For the region of x in between ⅔ and 1,
            (3x – 2) = (1 – x) – 2
            3x – 2 = - x – 1
            4x = 1
            x = ¼

And finally, for the region where x > 1, we have
            3x – 2 = - (1 – x) – 2
            3x – 2 = -1 + x – 2
            2x = -1
            x = -½
So now, we have three solutions:  x = 3/2,  ¼  or  -½

This is not the end.  We now need to confirm which of these is valid. We will need to put it back into the equation  |3x – 2| = |1 – x | - 2

So, when x = 3/2, we have  5/2 = ½ - 2  and this is NOT valid.
When x = ¼ , we have   1¼ = - 1 ¼   so this is also not valid.
Lastly, when x = - ½   we have  5/2 = ½  and this is ALSO not valid.

In this case, there are no valid solutions to the equation, even if we thought we could find it. To confirm this, check out wolfram alpha at http://www.wolframalpha.com/input/?i=solve+abs%283x-1%29%3D%281-x%29-2
 
So here you have it. How to solve absolute value functions. The mathematics is easy but the understanding needs time to sink it. So let it sink in…

If you have any queries, please ask away…

2010 Paper 2 Q11 - trigonometry

The diagram shows the curves y = 4 cosx  and y = 2 + 3sin x  for 0 ≤ x ≤ 2π radians. The points A and B are turning points on the curve y = 2 + 3sin x  and the point C is a turning point on the curve y = 4 cosx.  The curves intersect at the points D and E.

(i) Write down the coordinates of A, B and C.

(ii) Express the equation 4 cos x = 2 + 3 sin x in the form cos (x + α) = k, where α and k are constants to be found.

(iii) Hence, find in radian, the x-coordinate of D and of E.

(i)  Some of you might be tempted to use differentiation to solve for the coordinates of A, B and C. While that is not wrong, it is the worst possible way to do it.
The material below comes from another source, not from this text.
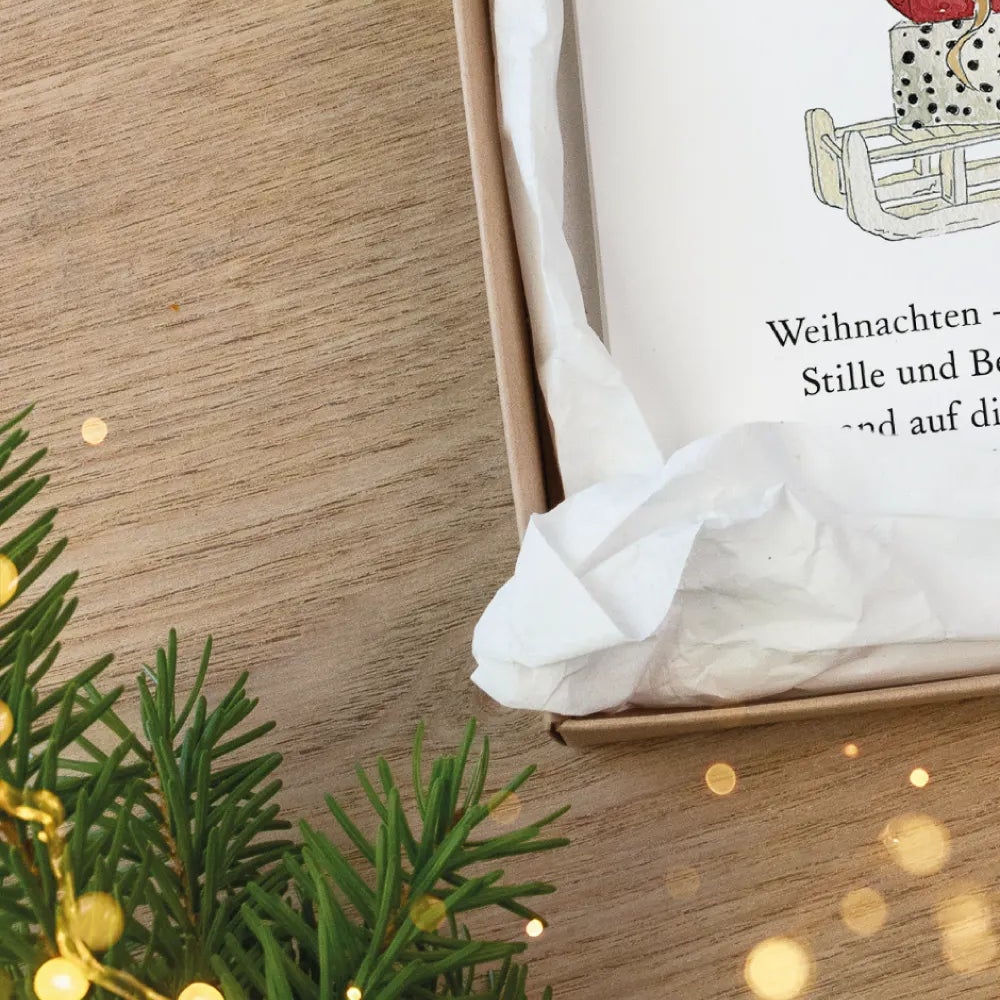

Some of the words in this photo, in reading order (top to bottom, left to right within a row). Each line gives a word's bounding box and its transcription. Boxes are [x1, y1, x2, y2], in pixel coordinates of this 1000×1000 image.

It will eat up all your time for something as fundamental as this.

To find the coordinates of A and B, we must remember that the sine curve has turning points at π/2 and 3π/2. Also, the max value of 3 sinx is 3 and the min value is -3. However, since the curve has moved up the y-axis by 2 units, then the max value of 2 + 3sin x is 5 and the min value of 2 + 3sin x is -1.
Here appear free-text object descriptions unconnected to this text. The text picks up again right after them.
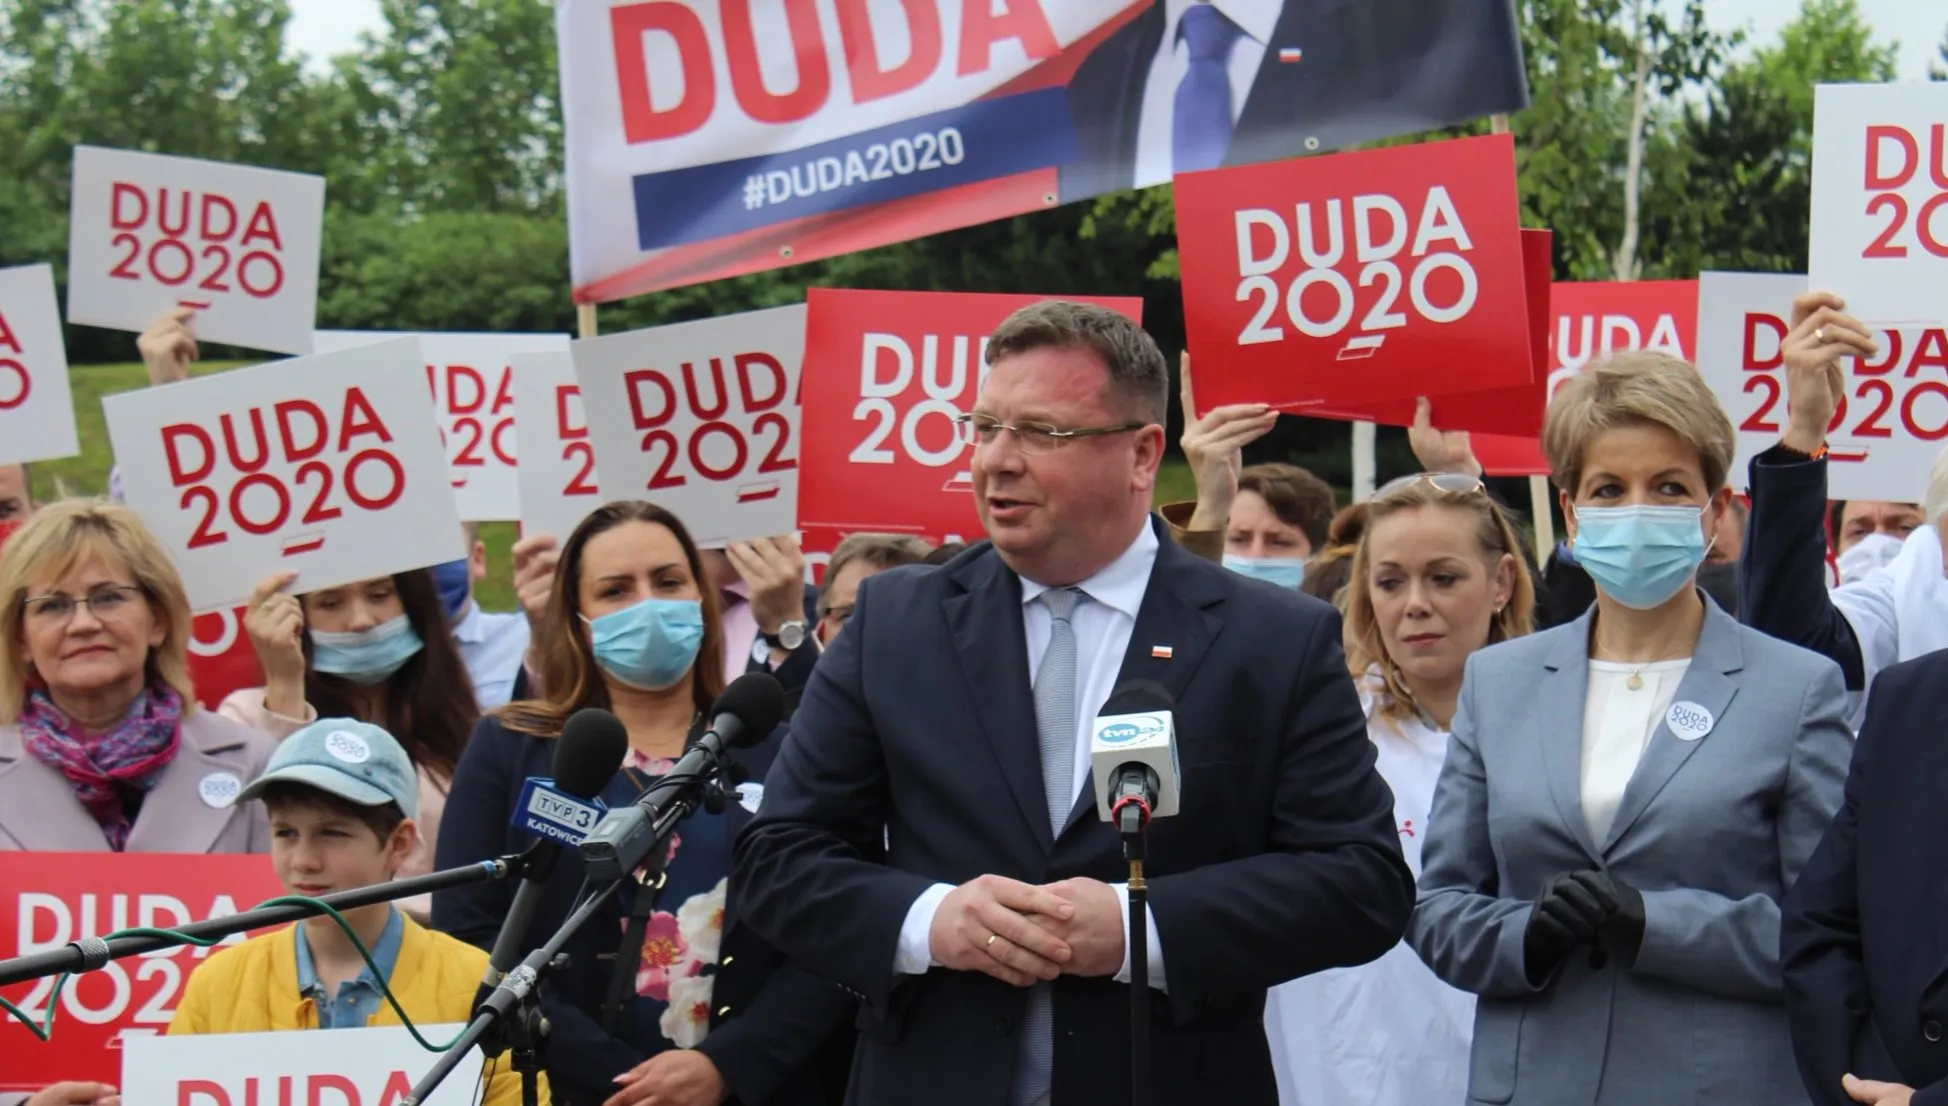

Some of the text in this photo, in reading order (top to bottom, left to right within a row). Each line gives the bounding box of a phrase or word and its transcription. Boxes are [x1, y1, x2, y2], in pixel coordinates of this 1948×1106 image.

[743, 127, 965, 210] #DUDA2020
[110, 182, 284, 251] DUDA
[1234, 185, 1474, 278] DUDA
[108, 233, 285, 298] 2020
[1235, 252, 1478, 345] 2020
[860, 333, 991, 400] DU
[1548, 313, 1687, 368] UDA
[1742, 312, 1948, 378] DDA
[624, 352, 803, 430] DUD
[1739, 374, 1948, 441] 220
[161, 387, 392, 487] DUDA
[641, 412, 798, 490] 202
[848, 397, 975, 466] 20
[180, 449, 405, 549] 2020
[1103, 728, 1136, 738] tvn
[1674, 705, 1708, 724] DUDA
[540, 797, 592, 828] TVP 3
Therefore, the coordinates of A and B are (π/2 , 5) and (3π/2 , -1) respectively.

For C, the min point for cos x occurs at x = π.  The min value of 4 cos x = -4.  Hence, the coordinates of C are (π , -4)

(ii)  Given 4 cos x = 2 + 3 sin x

Therefore,  4 cos x – 3 sin x = 2

Let 4 cos x – 3 sin x ≡ R cos (x + α), where R² = 4² + 3² = 25.  Hence, R = 5

                                                                                and tan α = ¾; i.e.  α = 0.644 radians

Hence  4 cos x – 3 sin x ≡ 5 cos (x + 0.644).
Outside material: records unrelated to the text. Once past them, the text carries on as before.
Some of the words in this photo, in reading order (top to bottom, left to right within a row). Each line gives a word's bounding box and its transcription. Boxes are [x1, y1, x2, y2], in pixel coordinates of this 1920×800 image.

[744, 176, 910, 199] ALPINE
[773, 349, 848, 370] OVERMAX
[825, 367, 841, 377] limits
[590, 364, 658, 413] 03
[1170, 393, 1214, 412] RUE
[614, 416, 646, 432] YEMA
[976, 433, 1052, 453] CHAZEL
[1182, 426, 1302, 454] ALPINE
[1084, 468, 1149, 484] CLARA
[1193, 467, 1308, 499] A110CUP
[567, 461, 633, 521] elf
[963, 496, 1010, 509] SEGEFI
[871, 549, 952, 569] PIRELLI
(iii)  To find the x-coordinate of D and E, therefore 5 cos (x + 0.644) = 2

                                cos (x + 0.644) = 0.4

                                x + 0.644 = 1.159 ,   2π – 1.159

                                                  = 1.159 ,  5.124

Therefore,

                                x = 1.159 - 0.644    or   x = 5.124 – 0.644

                                   = 0.515 radians               = 4.45 radians

The x-coordinates of D is 0.515 rad, and the x-coordinates of E is 4.45 rad.